Before the decision was taken to shutter it, there should have been broad and deep conversations with key stakeholders — including statutory caregivers Michener Centre employees and relatives, for those lucky enough to have them – before a fait-accompli deal was dumped in their laps.
Instead, relatives got a meeting with the deal already sealed.
Employees, hearing it second hand, got a blunt shock.
The lack of consultation is egregious.
The Tory government is doing it this way precisely because it can.
The official opposition party is just about mute on this issue.
Kerry Towle, the Wildrose Alliance critic for seniors, represents Sylvan Lake, the riding next door to Red Deer.
She was quoted in one sentence in the Advocate and one in The Edmonton Journal decrying the impending closure.
Almost a week after the deal went down, there’s not a peep of outrage or concern on her blog about the looming closure, the fate of its residents or staff.
Of course, you would not expect much concern for employees from the Wildrose Alliance, most of whom will lose their jobs.
As union members, they are outside the sphere of concern for Wildrosers.
Premier Redford wants departing Michener Centre residents moved into private- or charity-operated group homes, where pay is low and staff turnover is high.
Last week in her budget, however, Premier Redford also cut millions of dollars in promised funding that was supposed to help those agencies provide better pay, working conditions and services for disabled clients.
There has been a lot of ugly history at Michener Centre, under previous names and operating structures.
The worst abuses included forced sterilization of young women and incarcerating scores of people who had no mental disability.

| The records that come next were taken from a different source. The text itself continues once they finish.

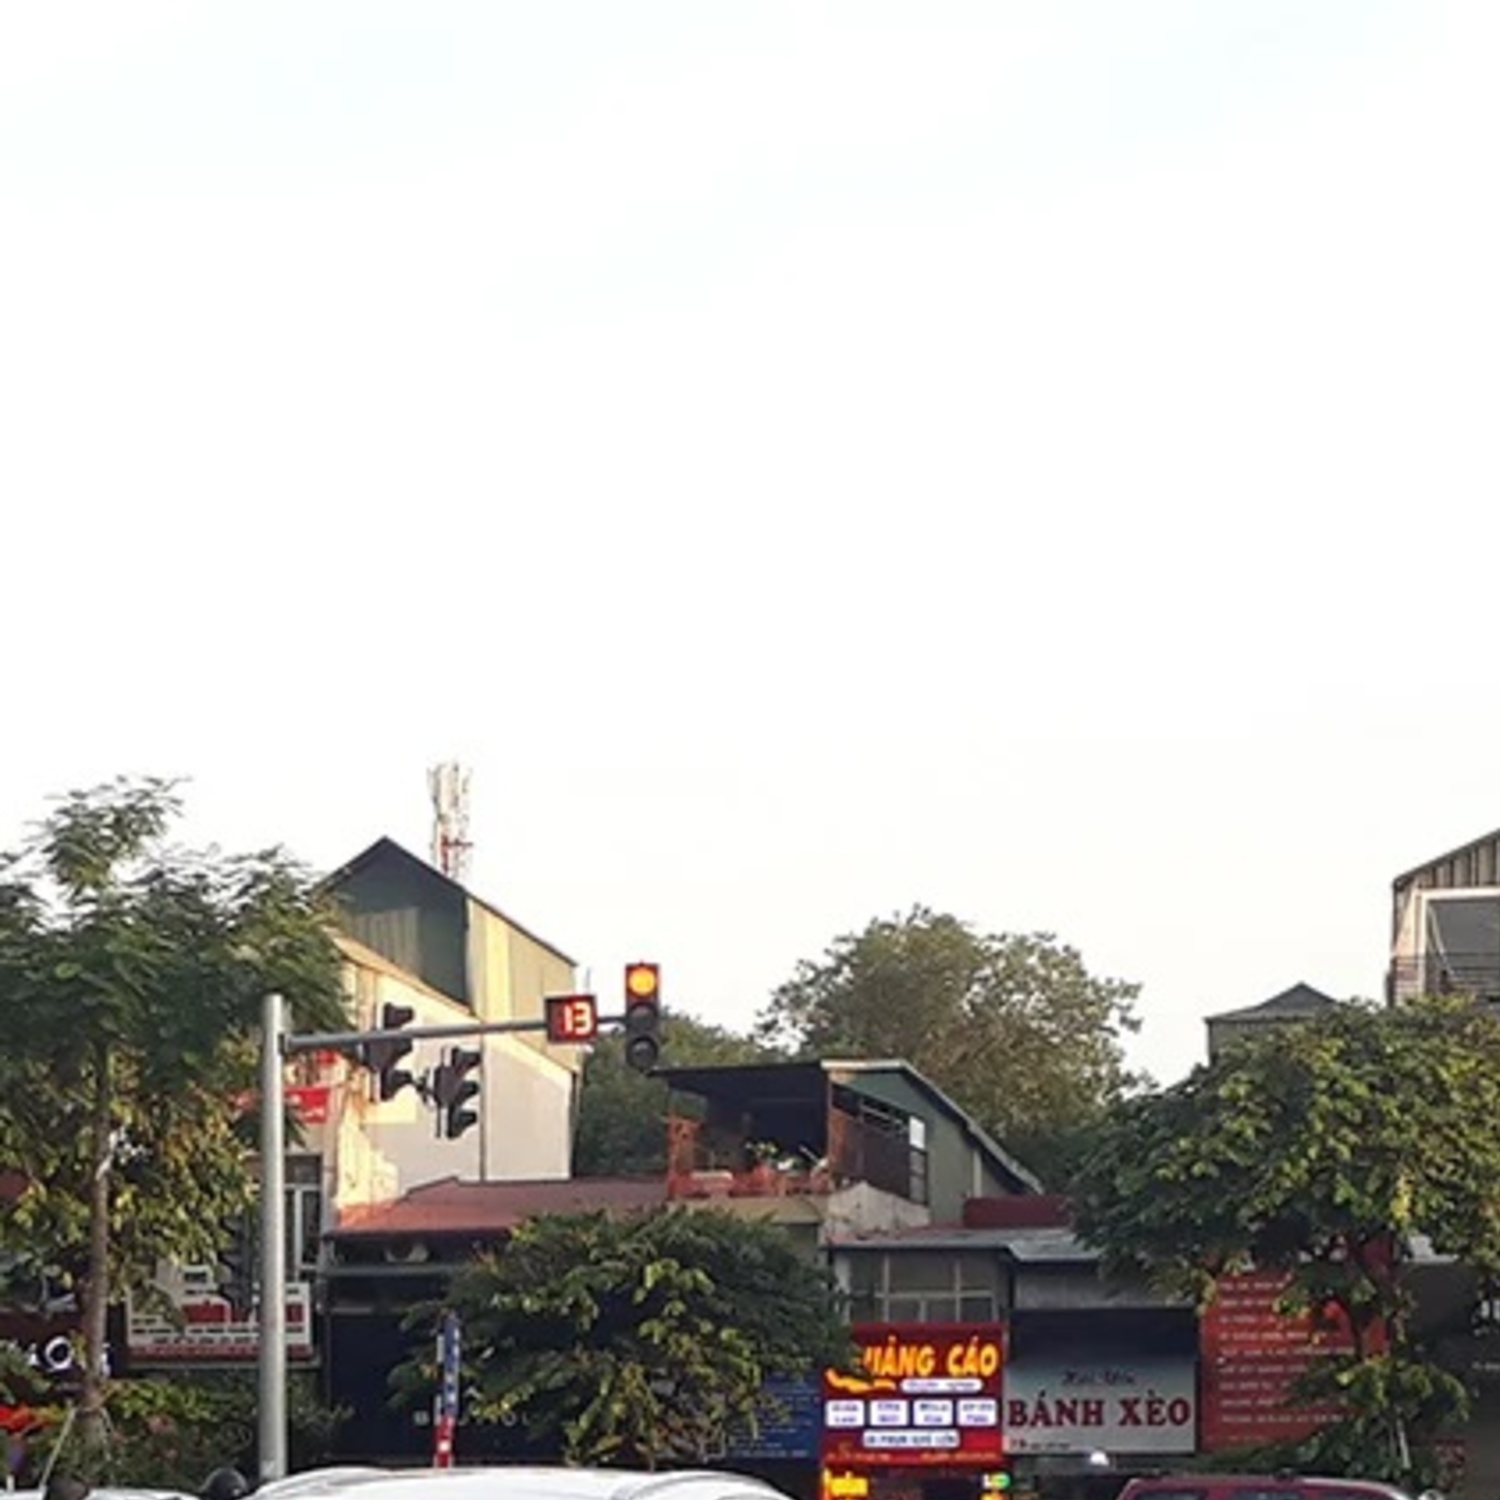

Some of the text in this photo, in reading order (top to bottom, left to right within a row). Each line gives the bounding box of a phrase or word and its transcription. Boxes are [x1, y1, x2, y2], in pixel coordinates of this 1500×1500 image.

[564, 1002, 592, 1035] 13
[861, 1335, 998, 1377] UẢNG CÁO
[1008, 1389, 1105, 1427] BÁNH
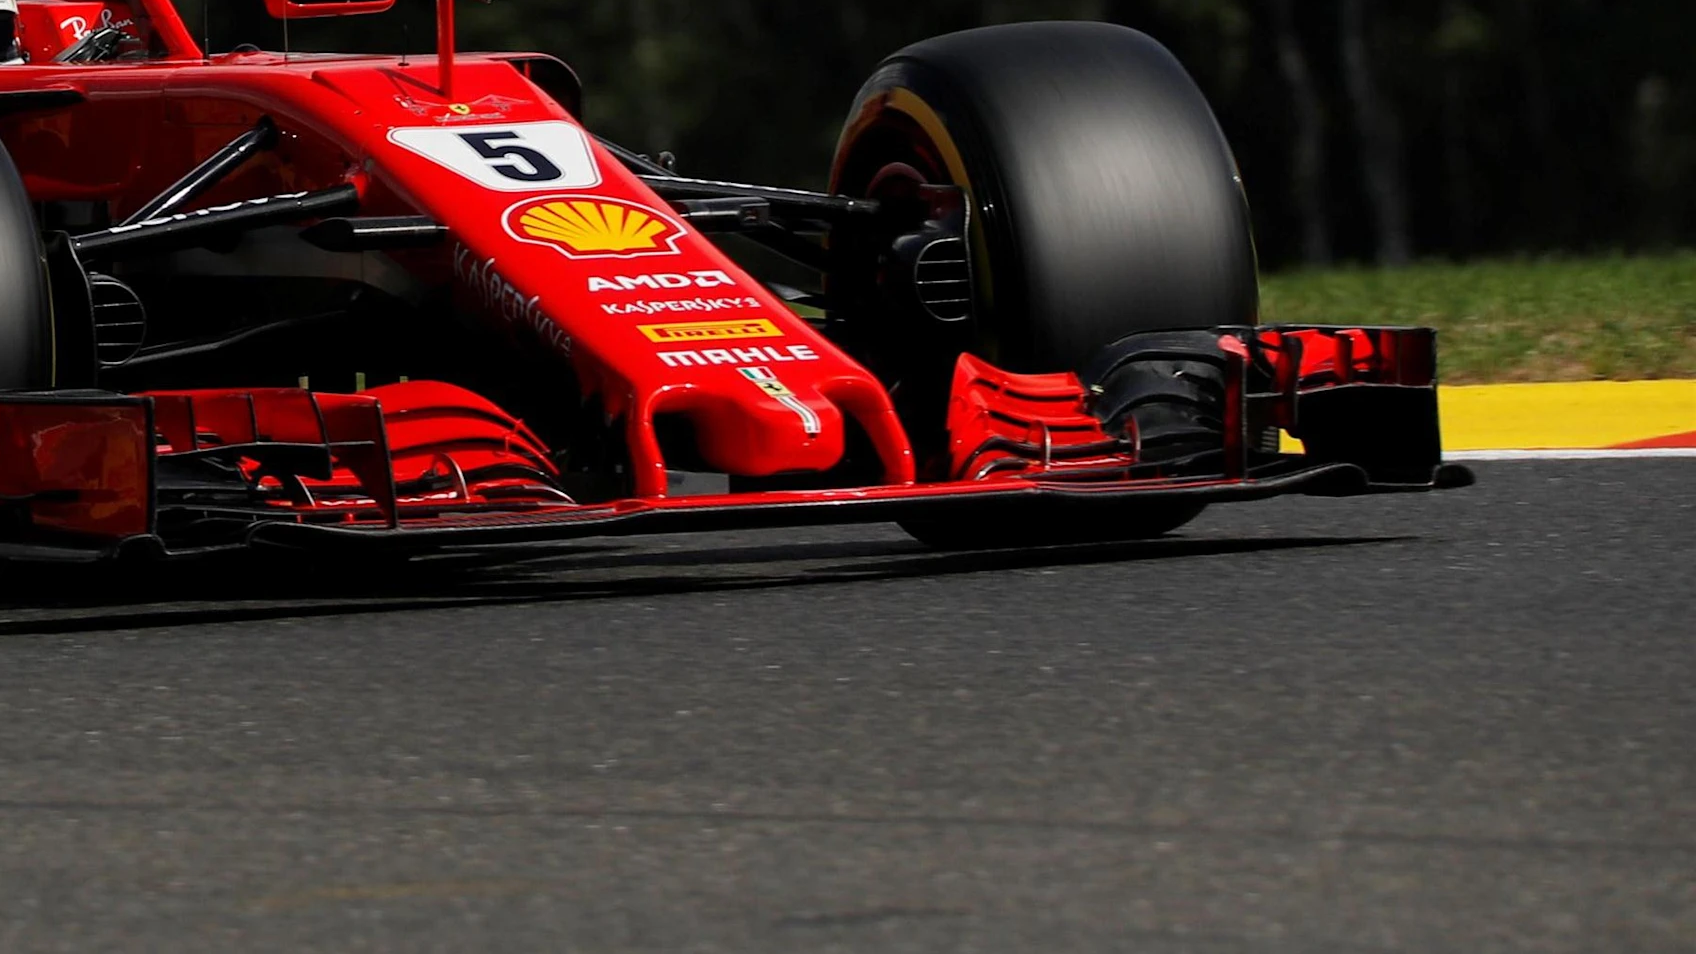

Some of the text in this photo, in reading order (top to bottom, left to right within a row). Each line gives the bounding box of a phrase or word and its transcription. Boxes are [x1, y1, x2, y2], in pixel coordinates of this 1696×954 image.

[457, 131, 563, 182] 5
[587, 272, 692, 292] AMD
[600, 297, 742, 315] KASPERSKY
[653, 323, 767, 338] PIRELLI
[656, 345, 820, 367] MAHLE

Children from poor or immigrant families who didn’t speak English well were held there for decades and forced to work on the farm.
But Michener Centre also did a lot of good for scores of people with mental disabilities.
Keith Manning, the son of long-time premier Ernest Manning lived there.
It continues helping mentally challenged people today.
Red Deer North MLA Mary Anne Jablonski says closing Michener Centre won’t save the government any money “in the first year.”
After that, all expect big savings.
Also expect big stress for residents and their relatives who will be forced to cope with a plan that was pushed too fast for dubious political or economic benefits.
Joe McLaughlin is the retired former managing editor of the Red Deer Advocate.